Keeping every word and mark, copy all of the data.

Start of INPUT DATA

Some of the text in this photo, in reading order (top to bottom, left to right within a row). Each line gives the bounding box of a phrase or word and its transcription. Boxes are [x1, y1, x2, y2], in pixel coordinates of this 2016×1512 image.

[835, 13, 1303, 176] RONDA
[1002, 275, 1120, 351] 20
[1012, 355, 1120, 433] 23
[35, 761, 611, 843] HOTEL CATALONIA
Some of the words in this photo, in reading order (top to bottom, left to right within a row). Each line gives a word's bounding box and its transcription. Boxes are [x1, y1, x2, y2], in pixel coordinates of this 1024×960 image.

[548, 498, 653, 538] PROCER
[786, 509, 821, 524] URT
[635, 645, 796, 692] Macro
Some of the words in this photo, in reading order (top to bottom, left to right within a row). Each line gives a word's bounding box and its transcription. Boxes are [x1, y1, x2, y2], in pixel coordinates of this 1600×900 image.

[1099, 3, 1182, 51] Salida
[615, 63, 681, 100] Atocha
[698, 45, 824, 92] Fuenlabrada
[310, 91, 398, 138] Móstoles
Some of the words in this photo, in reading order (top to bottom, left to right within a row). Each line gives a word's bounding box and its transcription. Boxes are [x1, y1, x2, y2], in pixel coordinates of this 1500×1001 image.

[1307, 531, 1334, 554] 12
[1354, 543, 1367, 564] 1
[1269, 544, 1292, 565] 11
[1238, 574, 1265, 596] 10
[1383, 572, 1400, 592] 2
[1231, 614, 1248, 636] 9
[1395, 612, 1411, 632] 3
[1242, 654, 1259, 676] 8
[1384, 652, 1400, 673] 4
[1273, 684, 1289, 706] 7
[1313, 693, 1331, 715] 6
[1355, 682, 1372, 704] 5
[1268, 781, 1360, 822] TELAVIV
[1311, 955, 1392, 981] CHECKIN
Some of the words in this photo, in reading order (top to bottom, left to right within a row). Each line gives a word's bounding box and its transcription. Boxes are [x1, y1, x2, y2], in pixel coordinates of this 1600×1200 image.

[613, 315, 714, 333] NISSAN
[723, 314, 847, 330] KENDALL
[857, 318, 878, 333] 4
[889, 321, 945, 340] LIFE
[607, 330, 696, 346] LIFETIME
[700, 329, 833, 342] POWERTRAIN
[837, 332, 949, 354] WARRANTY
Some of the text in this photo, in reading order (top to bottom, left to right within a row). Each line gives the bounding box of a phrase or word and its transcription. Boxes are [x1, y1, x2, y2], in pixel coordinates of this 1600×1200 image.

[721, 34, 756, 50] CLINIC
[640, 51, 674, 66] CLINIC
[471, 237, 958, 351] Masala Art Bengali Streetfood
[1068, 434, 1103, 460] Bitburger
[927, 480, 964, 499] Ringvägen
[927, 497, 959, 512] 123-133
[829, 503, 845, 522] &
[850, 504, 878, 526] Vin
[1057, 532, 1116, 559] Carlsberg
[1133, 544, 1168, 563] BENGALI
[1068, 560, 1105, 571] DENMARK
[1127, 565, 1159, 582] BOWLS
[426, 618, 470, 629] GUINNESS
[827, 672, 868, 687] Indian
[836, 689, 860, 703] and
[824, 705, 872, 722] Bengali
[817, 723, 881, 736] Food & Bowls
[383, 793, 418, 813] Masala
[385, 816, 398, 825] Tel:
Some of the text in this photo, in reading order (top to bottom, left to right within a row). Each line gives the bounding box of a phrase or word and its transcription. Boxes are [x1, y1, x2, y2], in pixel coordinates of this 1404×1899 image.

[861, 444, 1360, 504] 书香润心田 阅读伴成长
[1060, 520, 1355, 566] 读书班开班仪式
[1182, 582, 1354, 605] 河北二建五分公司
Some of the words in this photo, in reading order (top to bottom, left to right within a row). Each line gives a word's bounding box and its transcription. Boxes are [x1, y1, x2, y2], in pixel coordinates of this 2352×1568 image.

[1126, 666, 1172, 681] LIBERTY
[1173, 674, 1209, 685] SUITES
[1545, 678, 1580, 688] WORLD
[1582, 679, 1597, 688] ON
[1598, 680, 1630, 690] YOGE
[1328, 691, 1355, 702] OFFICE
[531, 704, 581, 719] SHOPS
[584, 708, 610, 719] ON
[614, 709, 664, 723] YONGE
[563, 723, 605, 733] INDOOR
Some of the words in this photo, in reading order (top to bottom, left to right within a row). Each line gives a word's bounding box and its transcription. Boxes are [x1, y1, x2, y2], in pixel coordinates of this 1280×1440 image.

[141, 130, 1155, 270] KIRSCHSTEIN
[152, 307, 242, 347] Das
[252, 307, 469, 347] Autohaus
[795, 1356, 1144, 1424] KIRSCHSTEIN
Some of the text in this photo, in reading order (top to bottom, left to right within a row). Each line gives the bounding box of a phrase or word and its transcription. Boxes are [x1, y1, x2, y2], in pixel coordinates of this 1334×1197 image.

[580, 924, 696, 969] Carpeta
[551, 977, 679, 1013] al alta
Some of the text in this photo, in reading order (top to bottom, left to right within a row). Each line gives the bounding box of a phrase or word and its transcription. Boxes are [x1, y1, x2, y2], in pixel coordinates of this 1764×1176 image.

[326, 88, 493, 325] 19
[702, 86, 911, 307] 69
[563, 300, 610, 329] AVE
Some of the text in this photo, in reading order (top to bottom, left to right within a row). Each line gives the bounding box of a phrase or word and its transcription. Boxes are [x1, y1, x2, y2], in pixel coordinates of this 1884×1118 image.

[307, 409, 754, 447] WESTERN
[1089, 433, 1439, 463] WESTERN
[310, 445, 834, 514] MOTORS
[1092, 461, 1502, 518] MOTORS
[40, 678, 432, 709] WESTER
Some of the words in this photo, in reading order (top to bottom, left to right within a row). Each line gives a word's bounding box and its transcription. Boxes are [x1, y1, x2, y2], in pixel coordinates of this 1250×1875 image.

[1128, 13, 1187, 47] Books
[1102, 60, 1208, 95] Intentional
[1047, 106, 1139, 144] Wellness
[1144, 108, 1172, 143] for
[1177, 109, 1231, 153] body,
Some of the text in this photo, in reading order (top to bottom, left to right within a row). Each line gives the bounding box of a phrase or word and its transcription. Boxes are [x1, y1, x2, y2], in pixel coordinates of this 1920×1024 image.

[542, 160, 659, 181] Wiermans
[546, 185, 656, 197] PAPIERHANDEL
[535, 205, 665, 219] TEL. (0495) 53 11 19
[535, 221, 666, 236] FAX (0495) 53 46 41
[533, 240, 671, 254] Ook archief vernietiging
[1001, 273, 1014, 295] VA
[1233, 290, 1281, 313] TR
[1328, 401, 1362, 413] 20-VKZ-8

End of INPUT DATA

### YOUR SOLUTION
Some of the text in this photo, in reading order (top to bottom, left to right within a row). Each line gives the bounding box of a phrase or word and its transcription. Boxes are [x1, y1, x2, y2], in pixel coordinates of this 2016×1512 image.

[835, 13, 1303, 176] RONDA
[1002, 275, 1120, 351] 20
[1012, 355, 1120, 433] 23
[35, 761, 611, 843] HOTEL CATALONIA
Some of the words in this photo, in reading order (top to bottom, left to right within a row). Each line gives a word's bounding box and its transcription. Boxes are [x1, y1, x2, y2], in pixel coordinates of this 1024×960 image.

[548, 498, 653, 538] PROCER
[786, 509, 821, 524] URT
[635, 645, 796, 692] Macro
Some of the words in this photo, in reading order (top to bottom, left to right within a row). Each line gives a word's bounding box and its transcription. Boxes are [x1, y1, x2, y2], in pixel coordinates of this 1600×900 image.

[1099, 3, 1182, 51] Salida
[615, 63, 681, 100] Atocha
[698, 45, 824, 92] Fuenlabrada
[310, 91, 398, 138] Móstoles
Some of the words in this photo, in reading order (top to bottom, left to right within a row). Each line gives a word's bounding box and its transcription. Boxes are [x1, y1, x2, y2], in pixel coordinates of this 1500×1001 image.

[1307, 531, 1334, 554] 12
[1354, 543, 1367, 564] 1
[1269, 544, 1292, 565] 11
[1238, 574, 1265, 596] 10
[1383, 572, 1400, 592] 2
[1231, 614, 1248, 636] 9
[1395, 612, 1411, 632] 3
[1242, 654, 1259, 676] 8
[1384, 652, 1400, 673] 4
[1273, 684, 1289, 706] 7
[1313, 693, 1331, 715] 6
[1355, 682, 1372, 704] 5
[1268, 781, 1360, 822] TELAVIV
[1311, 955, 1392, 981] CHECKIN
Some of the words in this photo, in reading order (top to bottom, left to right within a row). Each line gives a word's bounding box and its transcription. Boxes are [x1, y1, x2, y2], in pixel coordinates of this 1600×1200 image.

[613, 315, 714, 333] NISSAN
[723, 314, 847, 330] KENDALL
[857, 318, 878, 333] 4
[889, 321, 945, 340] LIFE
[607, 330, 696, 346] LIFETIME
[700, 329, 833, 342] POWERTRAIN
[837, 332, 949, 354] WARRANTY
Some of the text in this photo, in reading order (top to bottom, left to right within a row). Each line gives the bounding box of a phrase or word and its transcription. Boxes are [x1, y1, x2, y2], in pixel coordinates of this 1600×1200 image.

[721, 34, 756, 50] CLINIC
[640, 51, 674, 66] CLINIC
[471, 237, 958, 351] Masala Art Bengali Streetfood
[1068, 434, 1103, 460] Bitburger
[927, 480, 964, 499] Ringvägen
[927, 497, 959, 512] 123-133
[829, 503, 845, 522] &
[850, 504, 878, 526] Vin
[1057, 532, 1116, 559] Carlsberg
[1133, 544, 1168, 563] BENGALI
[1068, 560, 1105, 571] DENMARK
[1127, 565, 1159, 582] BOWLS
[426, 618, 470, 629] GUINNESS
[827, 672, 868, 687] Indian
[836, 689, 860, 703] and
[824, 705, 872, 722] Bengali
[817, 723, 881, 736] Food & Bowls
[383, 793, 418, 813] Masala
[385, 816, 398, 825] Tel:
Some of the text in this photo, in reading order (top to bottom, left to right within a row). Each line gives the bounding box of a phrase or word and its transcription. Boxes are [x1, y1, x2, y2], in pixel coordinates of this 1404×1899 image.

[861, 444, 1360, 504] 书香润心田 阅读伴成长
[1060, 520, 1355, 566] 读书班开班仪式
[1182, 582, 1354, 605] 河北二建五分公司
Some of the words in this photo, in reading order (top to bottom, left to right within a row). Each line gives a word's bounding box and its transcription. Boxes are [x1, y1, x2, y2], in pixel coordinates of this 2352×1568 image.

[1126, 666, 1172, 681] LIBERTY
[1173, 674, 1209, 685] SUITES
[1545, 678, 1580, 688] WORLD
[1582, 679, 1597, 688] ON
[1598, 680, 1630, 690] YOGE
[1328, 691, 1355, 702] OFFICE
[531, 704, 581, 719] SHOPS
[584, 708, 610, 719] ON
[614, 709, 664, 723] YONGE
[563, 723, 605, 733] INDOOR
Some of the words in this photo, in reading order (top to bottom, left to right within a row). Each line gives a word's bounding box and its transcription. Boxes are [x1, y1, x2, y2], in pixel coordinates of this 1280×1440 image.

[141, 130, 1155, 270] KIRSCHSTEIN
[152, 307, 242, 347] Das
[252, 307, 469, 347] Autohaus
[795, 1356, 1144, 1424] KIRSCHSTEIN
Some of the text in this photo, in reading order (top to bottom, left to right within a row). Each line gives the bounding box of a phrase or word and its transcription. Boxes are [x1, y1, x2, y2], in pixel coordinates of this 1334×1197 image.

[580, 924, 696, 969] Carpeta
[551, 977, 679, 1013] al alta
Some of the text in this photo, in reading order (top to bottom, left to right within a row). Each line gives the bounding box of a phrase or word and its transcription. Boxes are [x1, y1, x2, y2], in pixel coordinates of this 1764×1176 image.

[326, 88, 493, 325] 19
[702, 86, 911, 307] 69
[563, 300, 610, 329] AVE
Some of the text in this photo, in reading order (top to bottom, left to right within a row). Each line gives the bounding box of a phrase or word and its transcription. Boxes are [x1, y1, x2, y2], in pixel coordinates of this 1884×1118 image.

[307, 409, 754, 447] WESTERN
[1089, 433, 1439, 463] WESTERN
[310, 445, 834, 514] MOTORS
[1092, 461, 1502, 518] MOTORS
[40, 678, 432, 709] WESTER
Some of the words in this photo, in reading order (top to bottom, left to right within a row). Each line gives a word's bounding box and its transcription. Boxes are [x1, y1, x2, y2], in pixel coordinates of this 1250×1875 image.

[1128, 13, 1187, 47] Books
[1102, 60, 1208, 95] Intentional
[1047, 106, 1139, 144] Wellness
[1144, 108, 1172, 143] for
[1177, 109, 1231, 153] body,
Some of the text in this photo, in reading order (top to bottom, left to right within a row). Each line gives the bounding box of a phrase or word and its transcription. Boxes are [x1, y1, x2, y2], in pixel coordinates of this 1920×1024 image.

[542, 160, 659, 181] Wiermans
[546, 185, 656, 197] PAPIERHANDEL
[535, 205, 665, 219] TEL. (0495) 53 11 19
[535, 221, 666, 236] FAX (0495) 53 46 41
[533, 240, 671, 254] Ook archief vernietiging
[1001, 273, 1014, 295] VA
[1233, 290, 1281, 313] TR
[1328, 401, 1362, 413] 20-VKZ-8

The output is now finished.